La Fnsi, il sindacato unico dei giornalisti (rarissimo caso di sindacato unico in un Paese democratico), ha tenuto ieri una piccola dimostrazione di protesta contro la norma approvata dal Parlamento ideata da Enrico Costa (Azione) subito ribattezzata «legge bavaglio» contro la quale ha votato l’opposizione tranne Azione e Italia viva. Il sindacato dei giornalisti, che per diritto divino è sempre guidato da un ex segretario dell’Usigrai – non esattamente un’accademia di cultura liberale – ha proposto di boicottare la conferenza stampa di inizio anno di Giorgia Meloni, mettendosi il bavaglio da sé: non c’è che dire, un’abile contromossa.
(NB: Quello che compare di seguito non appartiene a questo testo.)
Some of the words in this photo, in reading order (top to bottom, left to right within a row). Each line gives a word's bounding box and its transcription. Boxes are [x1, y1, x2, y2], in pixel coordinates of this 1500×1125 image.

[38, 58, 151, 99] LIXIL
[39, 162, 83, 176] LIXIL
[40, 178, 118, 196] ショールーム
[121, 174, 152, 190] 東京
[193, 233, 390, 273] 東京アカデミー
La norma che imbavaglierebbe i giornalisti in realtà non li imbavaglia affatto, ma evita a chi viene sottoposto a misure cautelari di essere sputtananato su questioni che non hanno nulla a che vedere con il merito dell’ordinanza (di cui nulla vieta la notiziabilità).

Tra le tante spiegazioni, una volta tanto citiamo Piero Sansonetti: «A nessuno sarà impedito di sapere niente. Nulla cambierà nei processi. Nessuna prova a carico, o indizio a carico, sarà minimamente scalfito o storpiato o silenziato da questo nuovo regime. Nulla cambierà nel funzionamento del processo. Succederà semplicemente che alcuni aspetti delle indagini che generalmente rimangono segreti – e a disposizione solo della polizia giudiziaria che indaga e del Pm – per diversi mesi, a volte per più di un anno, resteranno non segreti ma semplicemente non pubblicabili ancora per qualche settimana o – in caso di lentezza della giustizia – per qualche mese fino alla conclusione delle indagini preliminari».
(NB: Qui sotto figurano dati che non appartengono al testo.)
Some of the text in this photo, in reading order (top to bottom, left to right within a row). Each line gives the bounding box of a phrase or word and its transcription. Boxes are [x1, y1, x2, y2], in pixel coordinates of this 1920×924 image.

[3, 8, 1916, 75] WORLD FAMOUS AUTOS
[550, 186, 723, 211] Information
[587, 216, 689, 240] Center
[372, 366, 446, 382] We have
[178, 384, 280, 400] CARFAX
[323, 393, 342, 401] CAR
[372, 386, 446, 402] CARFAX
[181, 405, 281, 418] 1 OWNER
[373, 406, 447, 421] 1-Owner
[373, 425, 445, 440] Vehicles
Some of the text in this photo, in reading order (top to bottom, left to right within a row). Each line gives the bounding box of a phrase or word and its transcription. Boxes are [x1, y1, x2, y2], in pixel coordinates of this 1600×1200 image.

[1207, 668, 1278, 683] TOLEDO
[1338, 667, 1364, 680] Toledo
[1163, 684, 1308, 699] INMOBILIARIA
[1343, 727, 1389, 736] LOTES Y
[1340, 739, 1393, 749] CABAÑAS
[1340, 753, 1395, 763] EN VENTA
Si può certamente dissentire, ma è difficile paragonare questa norma al Cile di Pinochet. Lo ha spiegato sul Manifesto un giurista che pure non condivide la norma, Giovanni Zaccardo: «Esagera chi pensa sia stato messo un bavaglio alla stampa: la notizia di un arresto potrà essere sempre data e potranno esserne anche indicati, riassuntivamente, i motivi. Un divieto assoluto sarebbe illiberale e forse incostituzionale. La norma è stata presentata con lo scopo di prevenire la gogna mediatico-giudiziaria, ma in realtà serve a poco e anzi può essere dannosa proprio per i cittadini indagati o imputati. Infatti, le notizie degli arresti circoleranno comunque, ma senza il supporto delle motivazioni che li giustificano».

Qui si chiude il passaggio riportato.